Below is a block of entries, which should be copied verbatim apart from the pictures.

*RECORDS PROVIDED*
##########

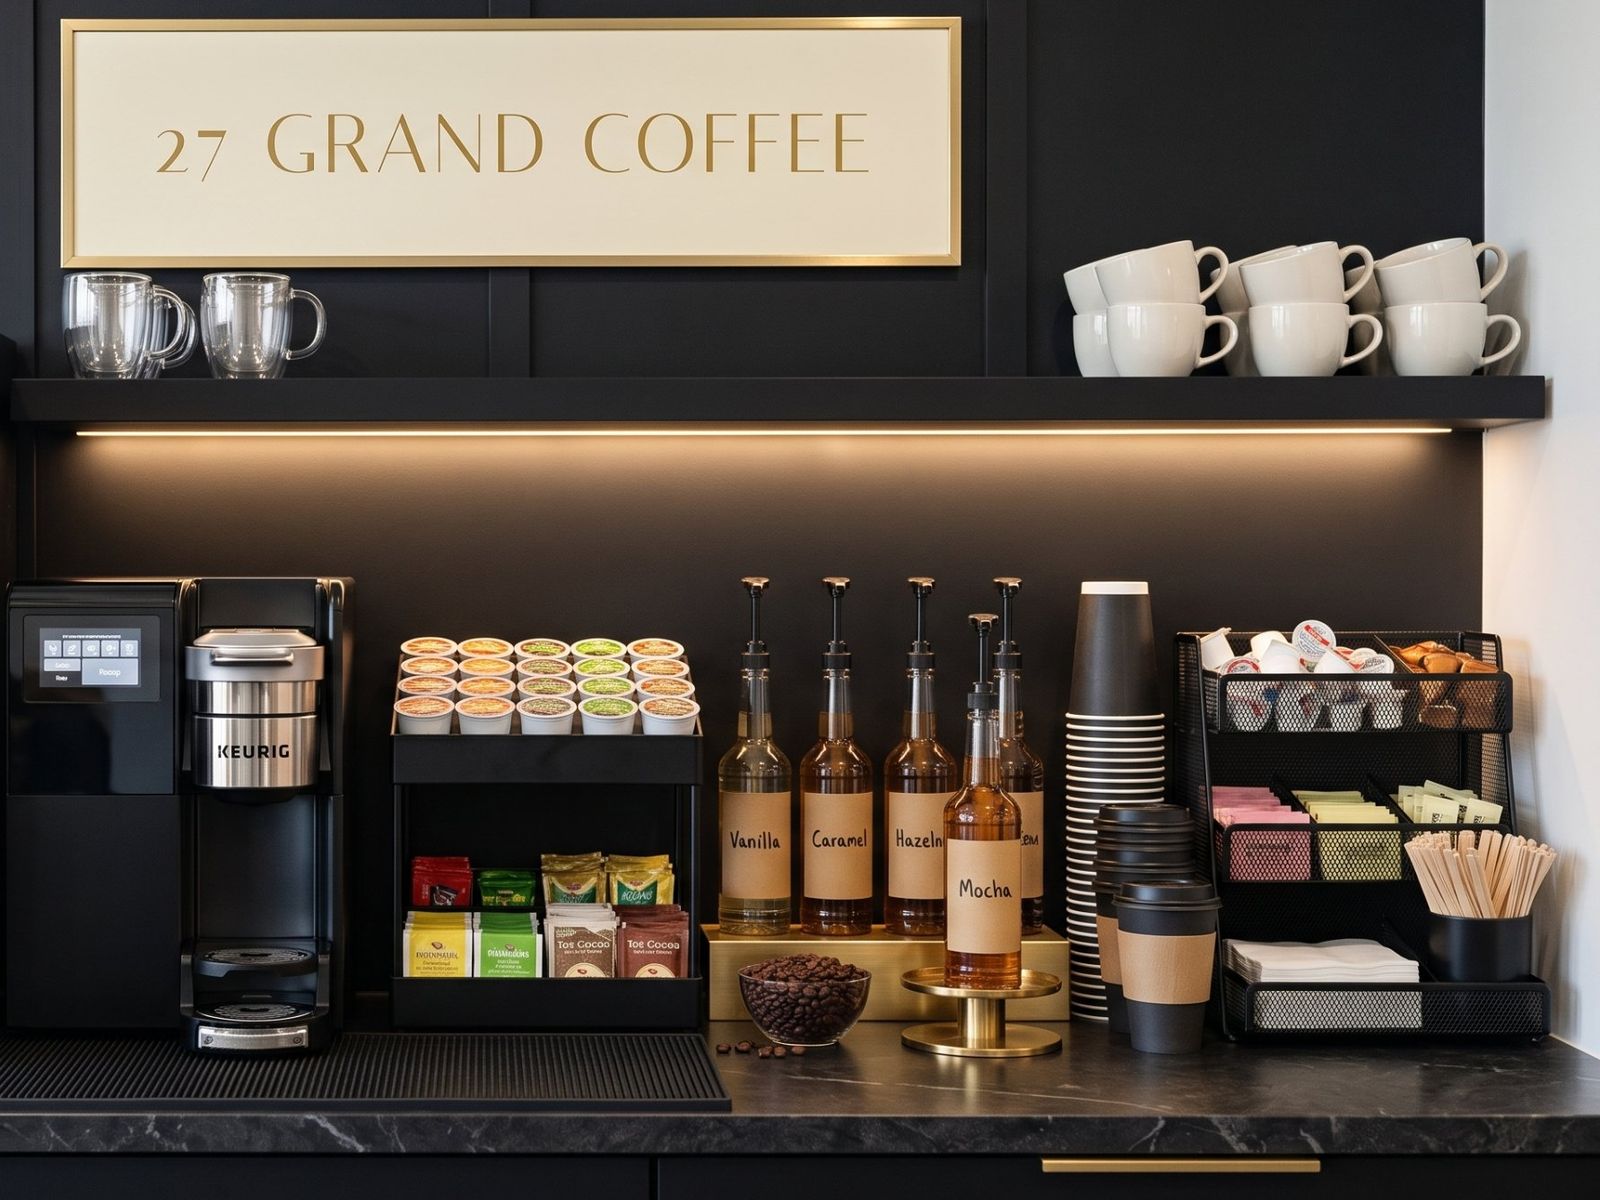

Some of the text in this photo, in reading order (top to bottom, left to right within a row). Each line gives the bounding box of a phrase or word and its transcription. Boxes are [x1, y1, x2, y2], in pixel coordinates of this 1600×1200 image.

[155, 112, 870, 183] 27 GRAND COFFEE
[217, 744, 290, 759] KEURIG
[729, 831, 781, 850] Vanilla
[812, 829, 868, 848] Caramel
[896, 828, 943, 848] Hazeln
[959, 878, 1012, 899] Mocha

##########

*SOLUTION TO THIS TASK*
Some of the text in this photo, in reading order (top to bottom, left to right within a row). Each line gives the bounding box of a phrase or word and its transcription. Boxes are [x1, y1, x2, y2], in pixel coordinates of this 1600×1200 image.

[155, 112, 870, 183] 27 GRAND COFFEE
[217, 744, 290, 759] KEURIG
[729, 831, 781, 850] Vanilla
[812, 829, 868, 848] Caramel
[896, 828, 943, 848] Hazeln
[959, 878, 1012, 899] Mocha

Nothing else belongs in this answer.